The National Museum in Kuala Lumpur is the largest museum in Southeast Asia and possibly in the world. The collection includes everything from cultural artifacts to everyday household items to weaponry and equipment from the Bronze Age to the 21st century. Some of the highlights include the 1,000-year-old Shao Lin Buddhist Temple of Penang and a collection of bamboo furniture from the Thien Hau Temple, one of the oldest surviving Chinese shrines in Southeast Asia. The museum features a planetarium, and kids will enjoy the special exhibitions for the babies and toddlers.
Sultan Abdul Samad Building
The former Sultan Abdul Samad Building is home to the Parliament of Malaysia in Kuala Lumpur. The main structure is a -high building in black-and-white checkered concrete that is symmetrical around a narrow axis. More than 6,000,000 square meters of space in the building (which is equivalent to about 150 football fields) house the Chamber of Parliament, the Prime Minister's office, various government departments and the Prime Minister's private quarters.
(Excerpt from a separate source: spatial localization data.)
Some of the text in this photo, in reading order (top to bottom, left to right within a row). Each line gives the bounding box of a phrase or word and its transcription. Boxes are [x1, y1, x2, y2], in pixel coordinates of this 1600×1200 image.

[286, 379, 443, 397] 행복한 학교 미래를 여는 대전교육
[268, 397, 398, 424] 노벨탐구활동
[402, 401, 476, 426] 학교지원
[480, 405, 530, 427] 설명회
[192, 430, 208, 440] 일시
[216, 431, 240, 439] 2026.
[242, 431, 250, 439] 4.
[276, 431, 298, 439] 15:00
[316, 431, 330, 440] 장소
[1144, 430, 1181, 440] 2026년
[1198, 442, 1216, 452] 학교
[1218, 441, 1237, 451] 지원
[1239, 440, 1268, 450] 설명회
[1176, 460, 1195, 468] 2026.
The symbol of the city, the Istana Budaya (or Dewan Istana Budaya), is a jewel-like building consisting of numerous art and cultural collections and a large atrium surrounded by a golden pattern of Chinese and Hindu carvings. The 22,000 square meters of collections, both art and antiquities, include the National Museum of Malaysia and Penyeranya Museum. Other collections are housed in converted Malay houses. Istana Budaya also houses the Istana Budaya Gallery which houses temporary art exhibitions by leading local and international artists, and displays works of the Royal Malay Art Museum.
The imposing Istana Negara (Malaysian Presidential Palace) is the seat of the President of Malaysia. This awe-inspiring palace was built in 1911, and features elegant carved wood, magnificent gardens, and lavish rooms. It also has the one of the world's most famous porcelain collections, including the largest collection of Tang pottery in the world. You can see the royal residences, and the main palace, while touring the exhibitions on either of the palace's three floors. The impressive blue-and-gold entry hall is home to the Queen's State Crown. Other notable sights include the gardens of Istana Nurul Iman, Istana Yusof and Istana Kampong Glam, where you'll find the old Orang Kaya residence. Orang Kaya is the Malay equivalent of the British Peerage; the principal ruler of the state is an Orang Kaya. Once inside, head to the Malaysian Asian collections on the ground floor. These sections house historical pieces of Malaysian culture. The most interesting are the costume collection and the Royal Dental Museum. The next level of the exhibition is devoted to the royal families of Malaysia. The highlight of this level is the throne room. Like the other palace exhibits, the throne room was fashioned in Chinese and Japanese style and depicts the legends of the royalty of Malaya. You can get a glimpse of the grandeur of the Istana Negara in the bedchamber of the Istana Nurul Iman. You can also tour the lower palace, which houses traditional Malay and Islamic collections.